Дзюнко торопливо накинула на плечи жакет, а Киндаити тем временем положил письмо в конверт и спрятал его в карман. При этом от него не ускользнуло, что на лице Дзюнко мелькнула досада.
К месту происшествия продолжали сбегаться жители квартала. Киндаити Коскэ вновь пришла в голову мысль: какие разные судьбы собраны здесь!
Он объяснился с полицейским. Сказал, что сопровождающая его женщина, возможно, знает убитую, и их провели к месту, где лежало тело.
Ни прежде, ни потом он не сталкивался ни с чем подобным.
Спустя час Киндаити вместе с примчавшимся из полицейского управления старшим инспектором Тодороку снова разглядывал труп женщины, находившийся в самом диковинном состоянии, которое только возможно себе представить.
Не знакомый с жизнью этого квартала, Киндаити сначала просто не сообразил, в чем дело. Только с помощью Дзюнко, он наконец понял, для чего служит сооружение, в котором обнаружили тело убитой.
Оказалось, это мусоросборник. Именно сюда жители всех пяти этажей выбрасывают мусор.
На северном фасаде корпуса 20 располагалось пять подъездов. В каждом из них наверх зигзагом шла лестница, на каждом этаже по обе ее стороны находилось по пять квартир. Таким образом, на этаже проживало десять семей.

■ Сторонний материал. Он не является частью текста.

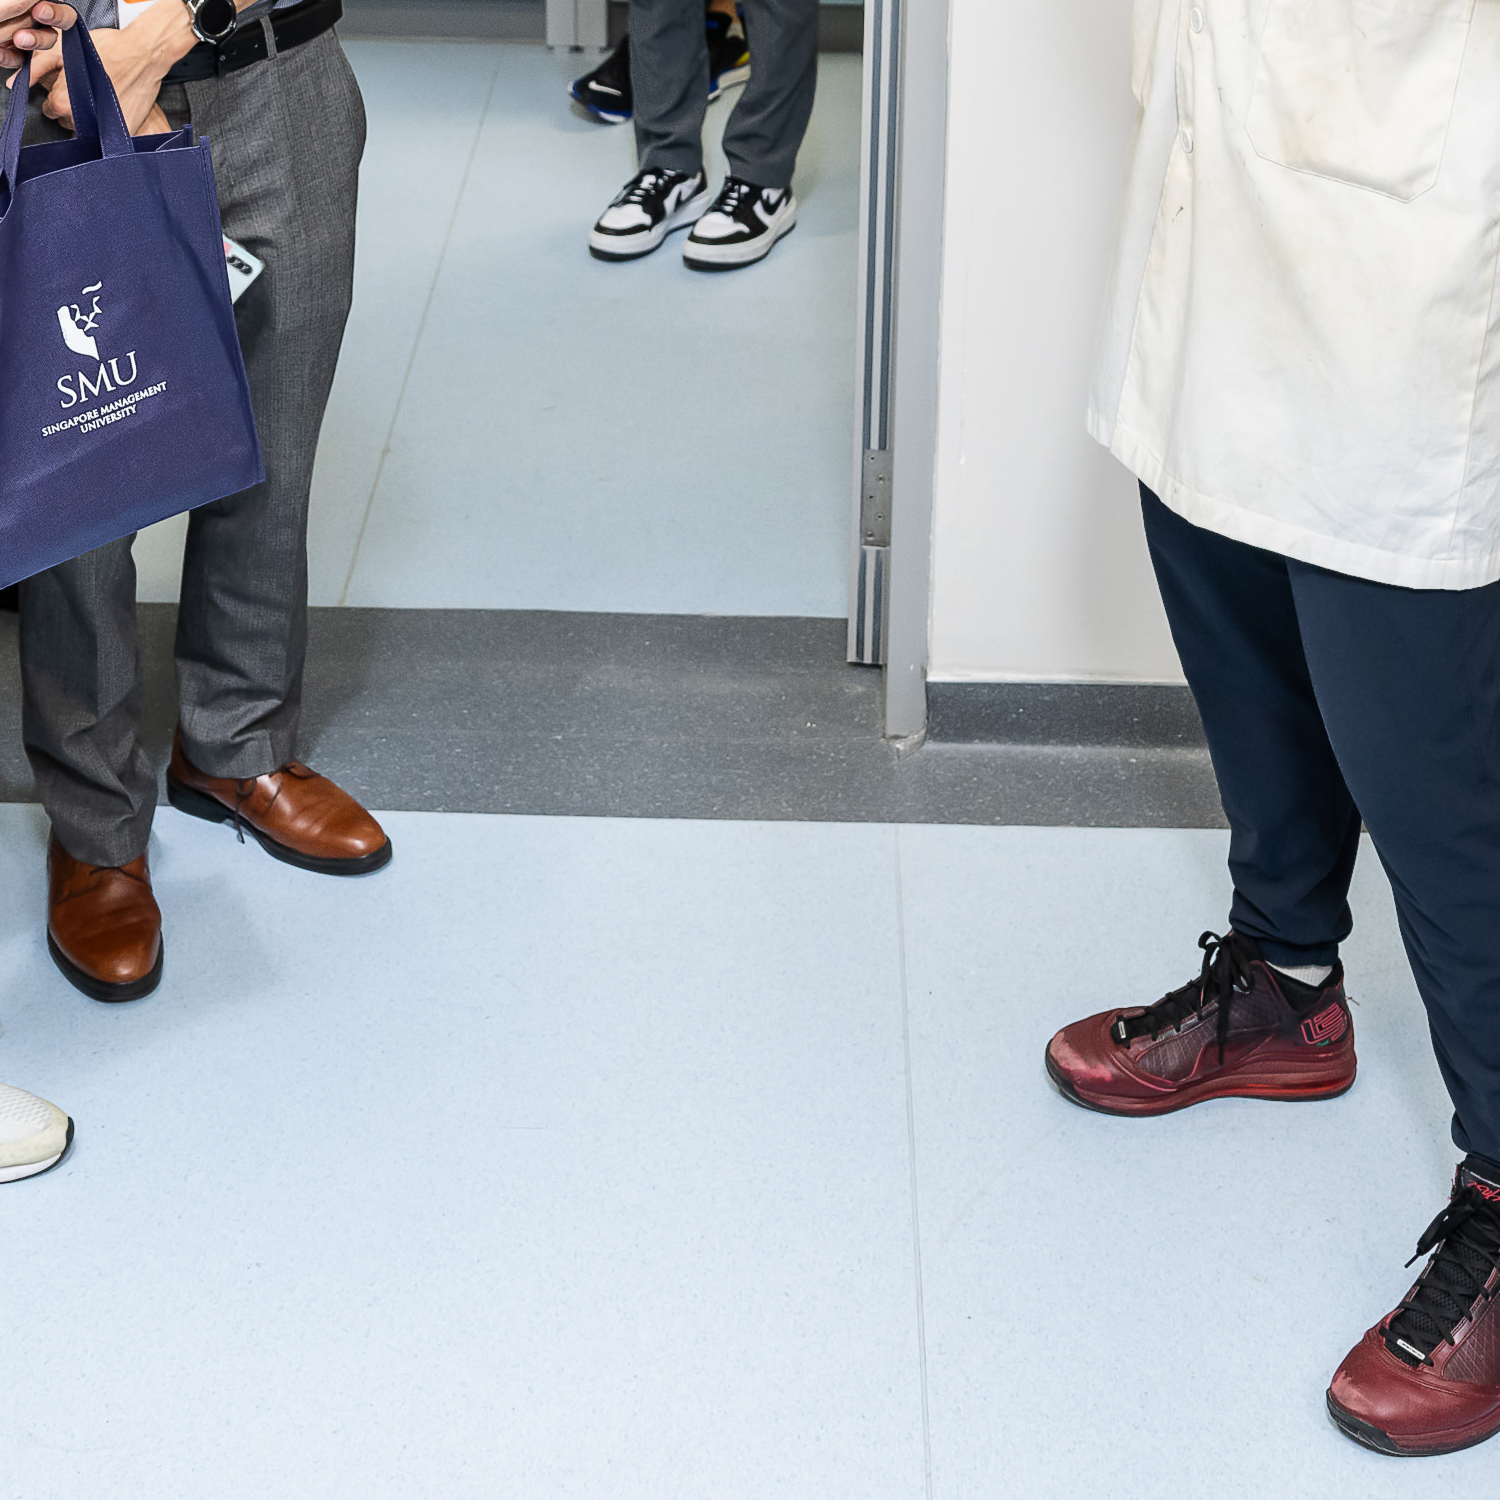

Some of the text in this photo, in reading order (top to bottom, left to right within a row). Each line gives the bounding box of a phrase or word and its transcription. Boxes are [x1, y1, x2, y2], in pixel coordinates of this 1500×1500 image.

[56, 350, 138, 409] SMU
[41, 380, 167, 438] SINGAPORE MANAGEMENT
[80, 404, 137, 434] UNIVERSITY
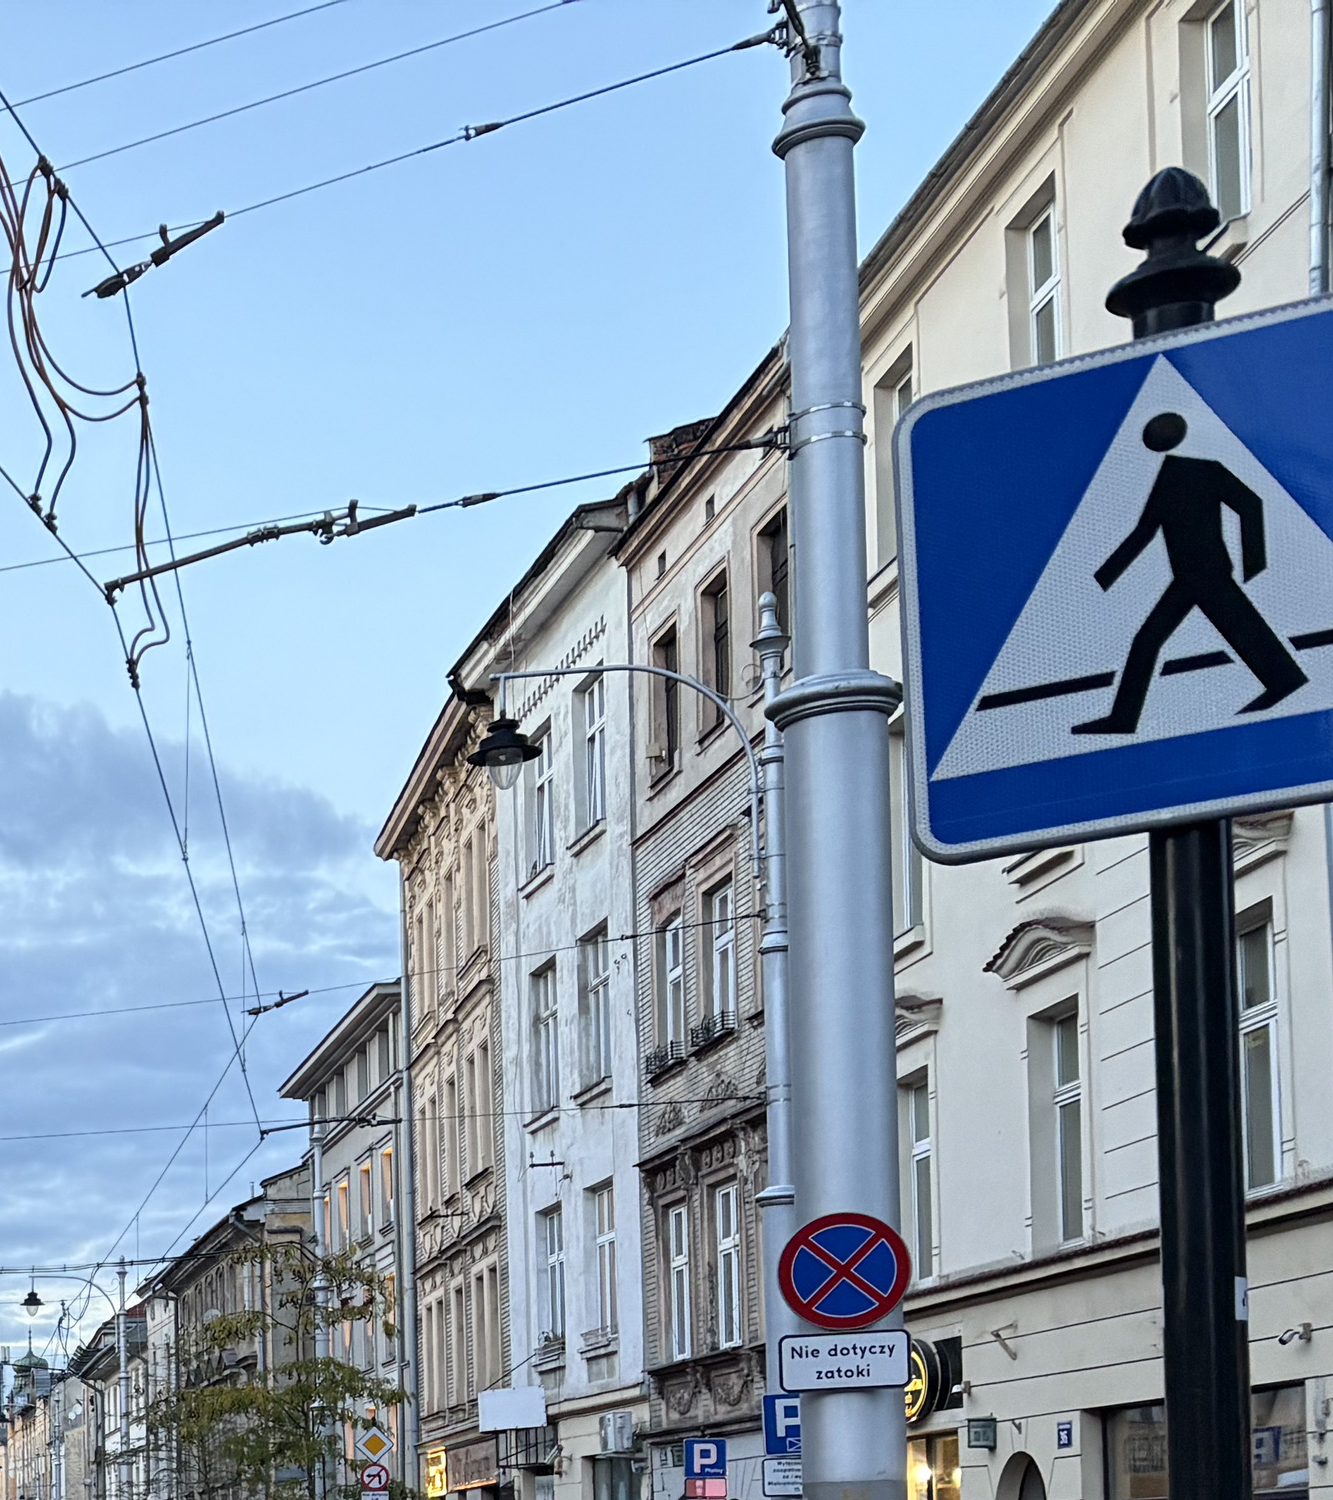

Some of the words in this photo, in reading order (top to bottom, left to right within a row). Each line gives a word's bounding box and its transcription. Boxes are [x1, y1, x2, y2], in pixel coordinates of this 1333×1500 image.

[791, 1345, 821, 1360] Nie
[827, 1342, 896, 1360] dotyczy
[815, 1363, 872, 1381] zatoki
[693, 1442, 718, 1474] P
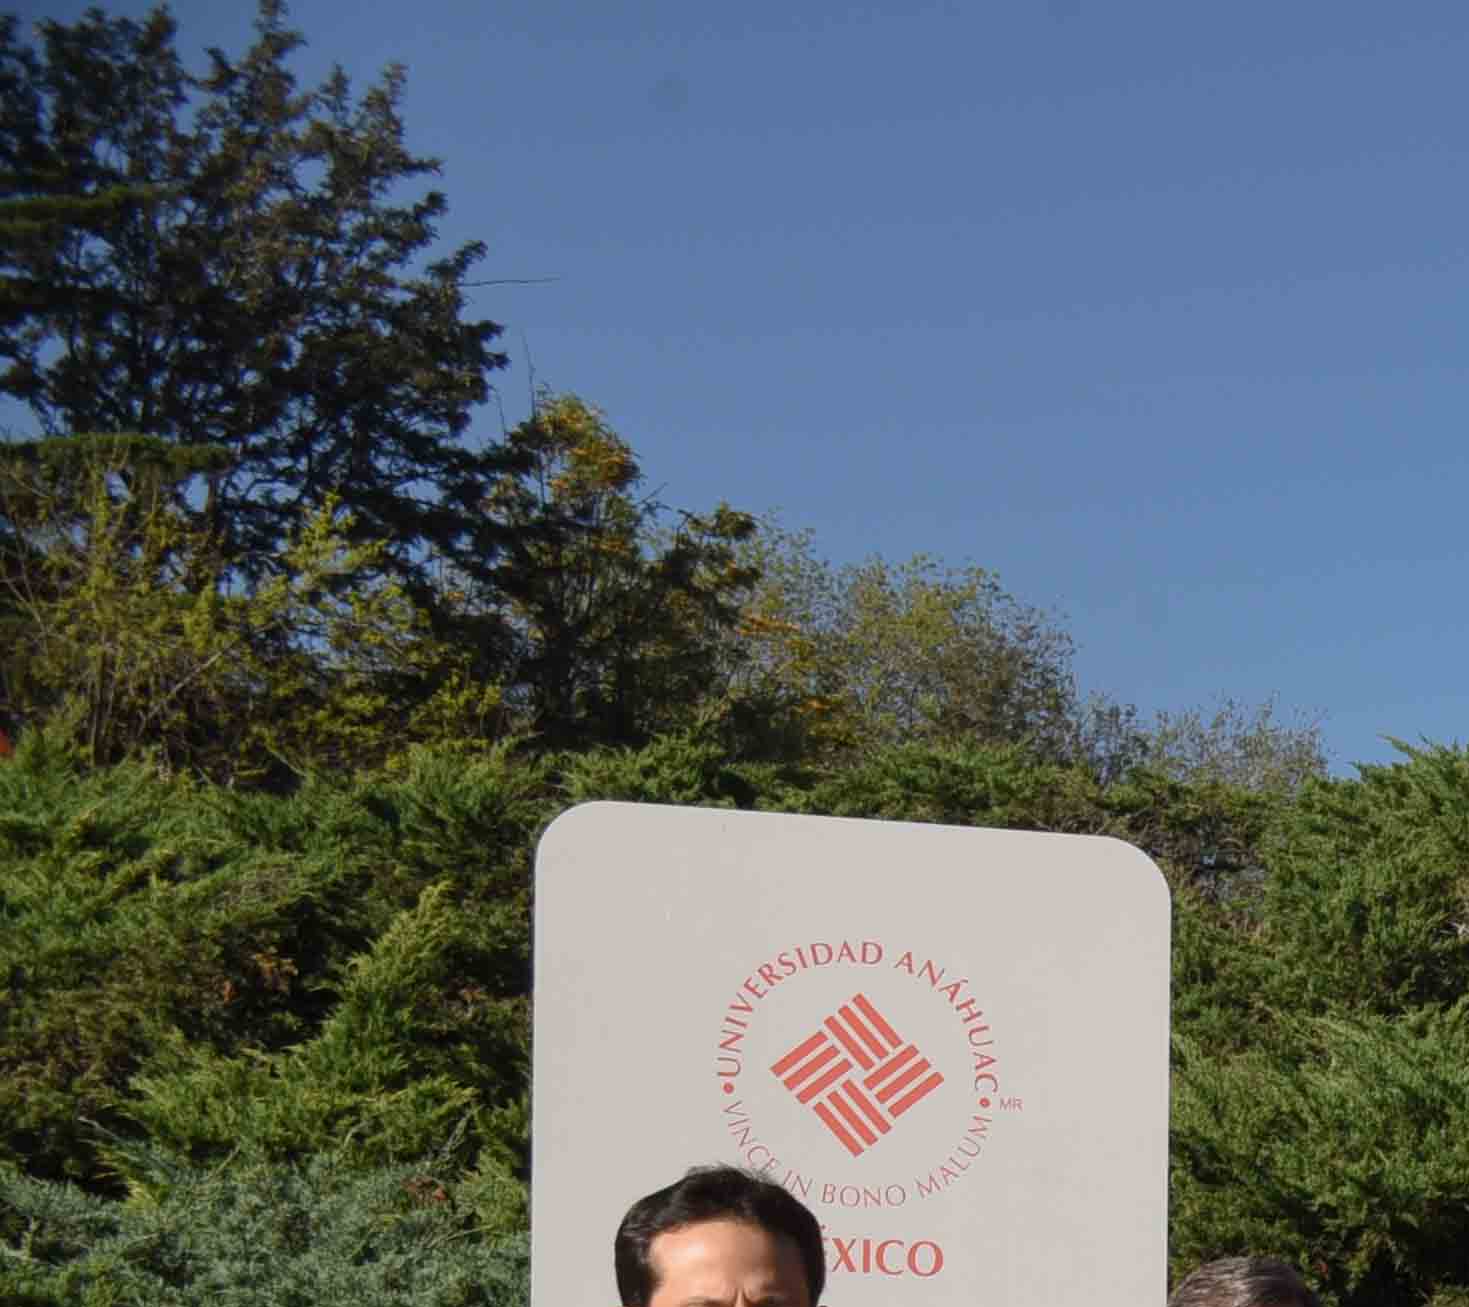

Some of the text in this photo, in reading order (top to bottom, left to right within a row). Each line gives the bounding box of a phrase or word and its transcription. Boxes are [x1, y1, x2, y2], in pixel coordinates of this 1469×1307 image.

[717, 941, 998, 1093] UNIVERSIDAD ANÁHUAC
[1000, 1099, 1022, 1111] MR
[783, 1170, 813, 1197] IN
[821, 1184, 906, 1207] BONO
[915, 1115, 992, 1198] MALUM
[823, 1226, 944, 1277] XICO

Мусоросборники размещались между подъездами, мусор туда выбрасывали и слева, и справа, а потому находившийся внизу контейнер был довольно приличных размеров. Это было прочное цементное сооружение высотой в метр и примерно такой же ширины и глубины. Наверх к пятому этажу от него шла труба, тоже цементная, с вертикальным отверстием, по которому мусор с каждого этажа попадал вниз.
В уже отстроенных домах мусоросборник закрывался железной дверью, но корпус 20 еще доделывался, потому такой двери здесь не было.
В мусоросборнике навзничь, головой к дальней стене, лежало тело женщины.
Полы ее светло‑лиловой рабочей куртки из тафты раскинулись в стороны, под ней виднелась юбка из джерси темно‑фиолетового цвета с узором из более светлых листьев.
Из‑под куртки высовывались ноги в таких же бледно‑лиловых туфлях на невысоком каблуке, украшенных пряжками с блестками.